Average Handle Time (AHT)
AHT is the average minutes a support agent spends handling a ticket from open to close — the operational cost-per-contact metric.
Average Handle Time (AHT) is the average minutes a support agent spends handling a ticket from open to close. It includes active conversation time plus any after-call or after-ticket work (notes, follow-ups, escalations).
AHT is the operational metric that drives cost-per-contact directly. A 30% AHT reduction at a $4/minute fully-loaded labor cost saves $1.20 per minute of average ticket time. Across hundreds of thousands of tickets annually, the math compounds into a material P&L line.

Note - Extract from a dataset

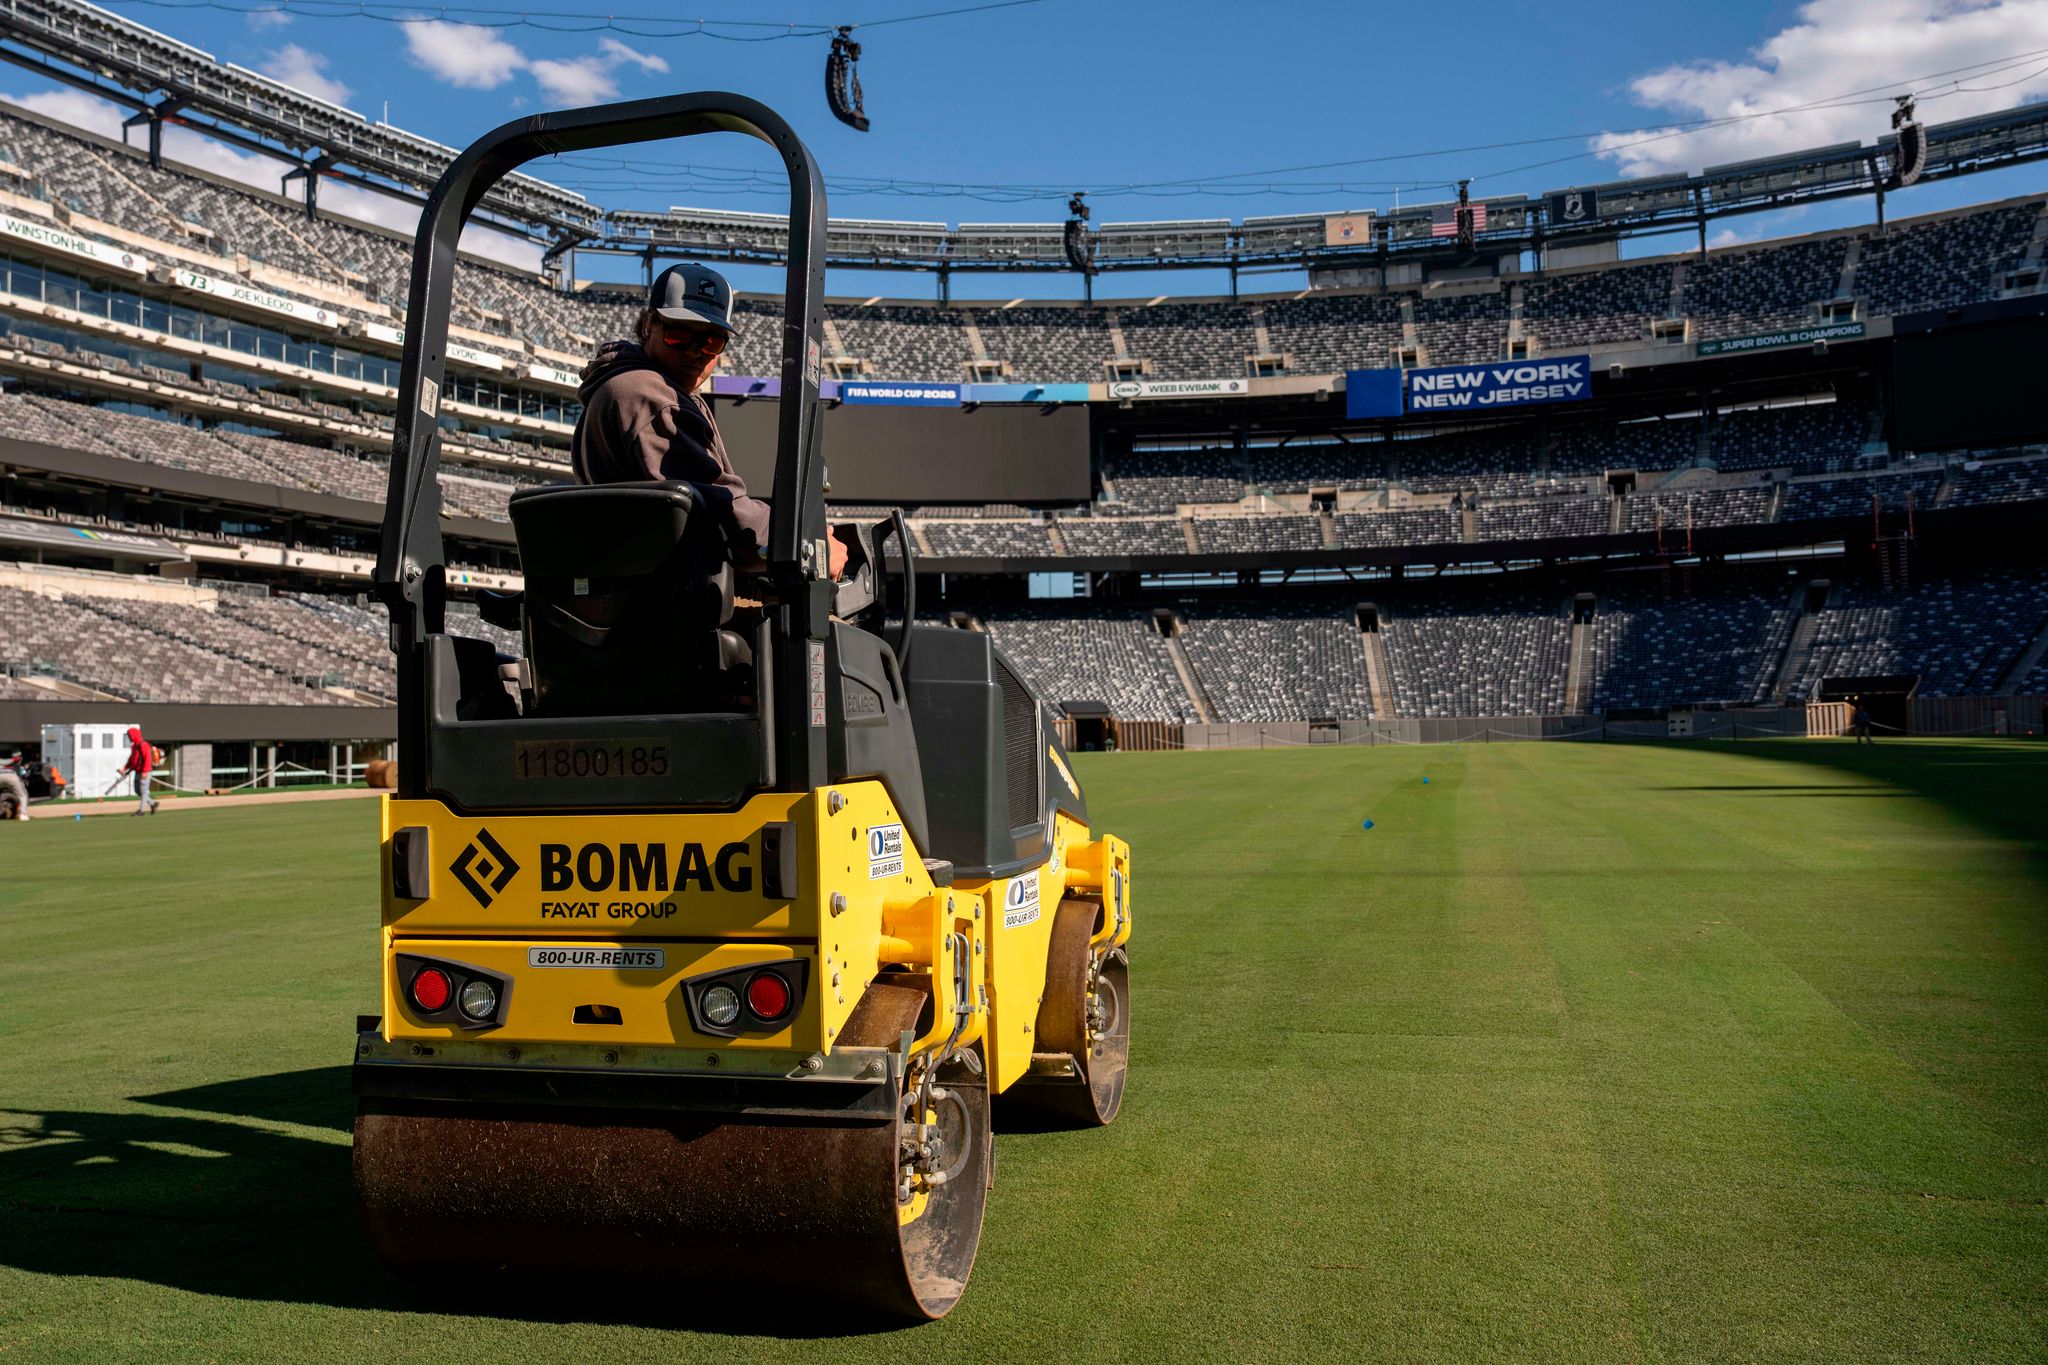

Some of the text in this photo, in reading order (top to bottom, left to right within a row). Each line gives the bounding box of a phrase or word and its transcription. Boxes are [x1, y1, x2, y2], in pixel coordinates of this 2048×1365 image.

AHT moves through four mechanisms: the agent types less (AI draft pre-filled), the agent looks up less (right policy surfaced), the agent decides faster (suggested next action is correct), or the agent doesn't escalate (AI resolves inline). Each requires the AI suggestion to be right more often than wrong — below ~80% suggestion-acceptance rate, the assistance costs AHT instead of saving it.
Auralis cohort: ~30% blended AHT reduction across channels. Native helpdesk AI deployments commonly publish 10-15% AHT reduction in steady state — the gap traces to who runs the weekly tuning loop.

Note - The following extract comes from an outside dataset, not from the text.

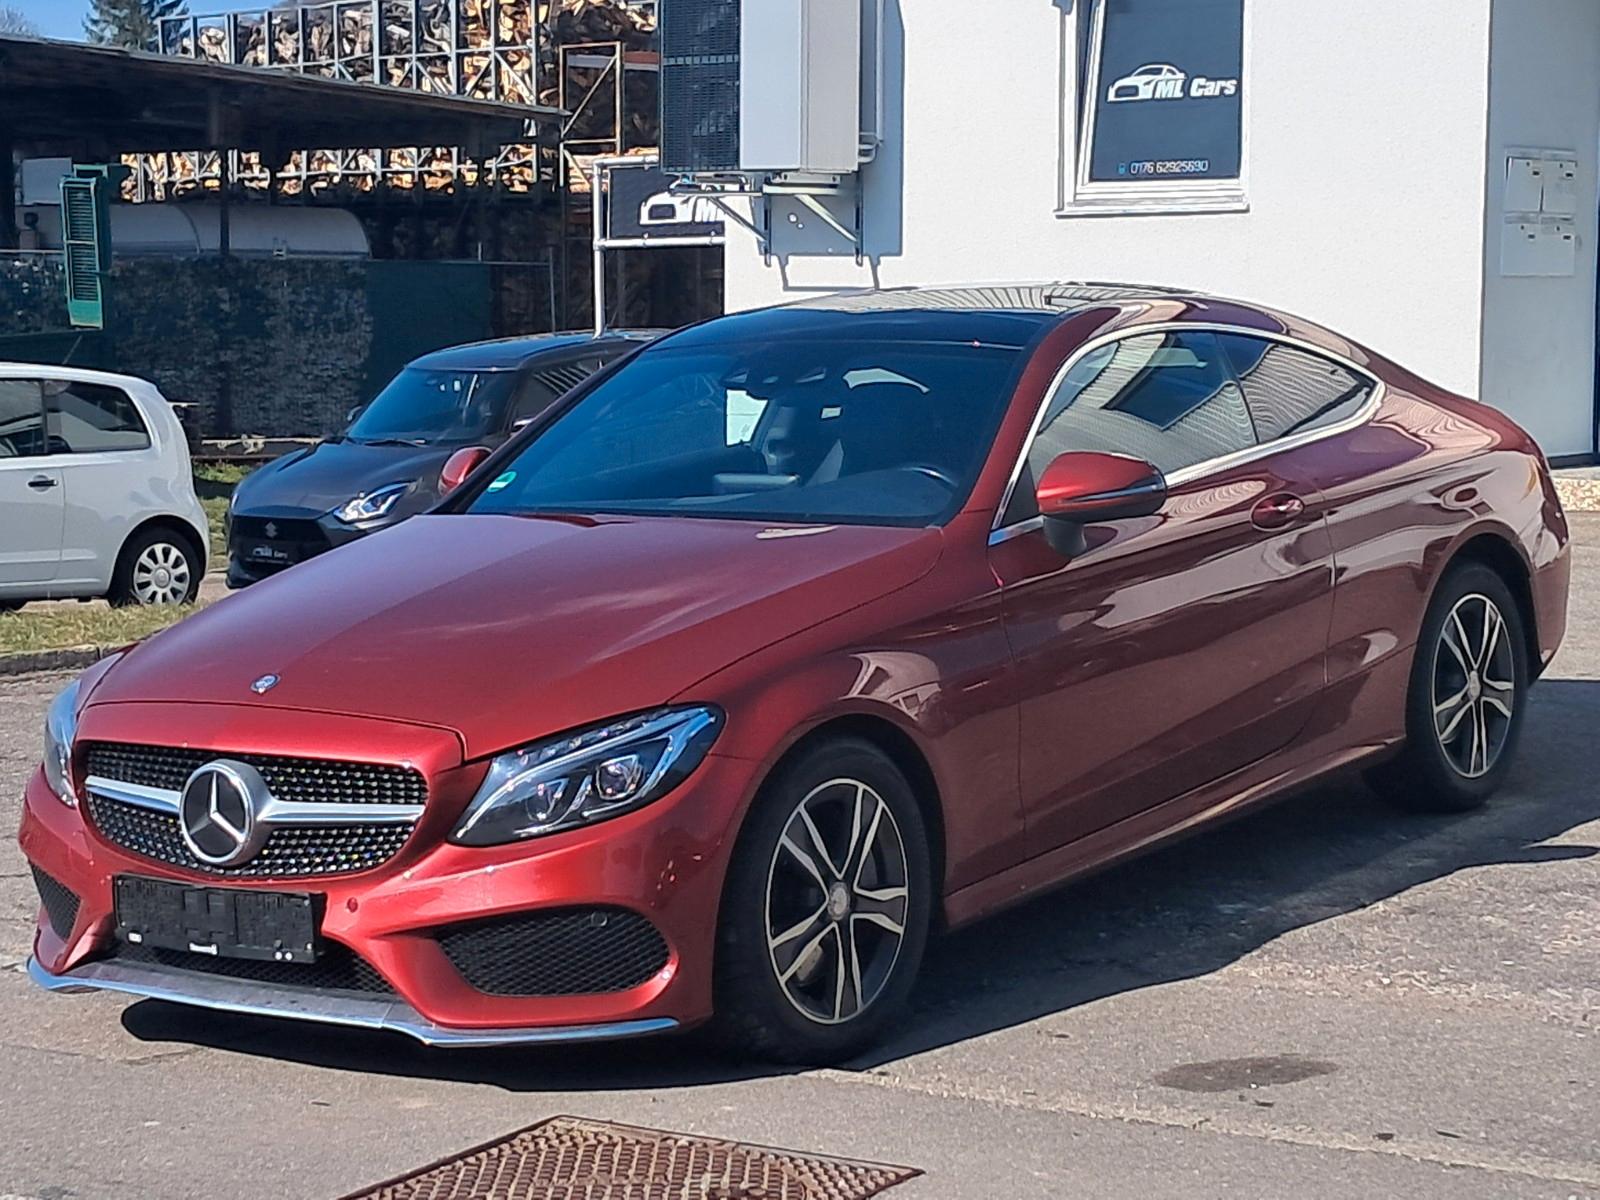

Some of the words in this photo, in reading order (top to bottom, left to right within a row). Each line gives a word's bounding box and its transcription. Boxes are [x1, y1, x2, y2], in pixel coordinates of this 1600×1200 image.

[1153, 78, 1185, 99] ML
[1190, 77, 1238, 97] Cars
[1130, 161, 1155, 174] 0176

Why Average Handle Time matters in 2026
The 2025-2026 wave of AI in customer service has shifted the conversation around Average Handle Time from feature checklist to operating outcome. Vendor research consistently documents a gap between marketing claims and field reality — Zendesk's CX Trends 2026 puts the gap at 30-40 percentage points across the category — and that gap shows up wherever Average Handle Time is part of the deployment conversation.
For support teams evaluating vendors today, the question is rarely whether the vendor offers Average Handle Time; it's whether the vendor will contract on the outcomes Average Handle Time is supposed to produce. Outcome-contracted models (deflection, AHT, FRT, CSAT in the SOW) shift the risk profile compared to feature-access models (per-seat or per-resolution pricing). The choice between the two is often the most important architectural decision in the program.
Read more in the POV essay Native helpdesk AI is built for safe defaults for the structural argument on why Average Handle Time alone is not enough to move outcomes, and Deflection is the wrong goal — outcomes are for what to ask for in the contract instead.
Frequently asked questions
Outcome-contracted deployments target ~30% blended reduction. Below 15-20% suggests the AI suggestion acceptance rate is dragging.
Auralis Assist contracts on ~30% blended AHT reduction. The suggestion-ranking is tuned weekly by Auralis; below confidence threshold, suggestions are suppressed. Net AHT lift is the contracted metric.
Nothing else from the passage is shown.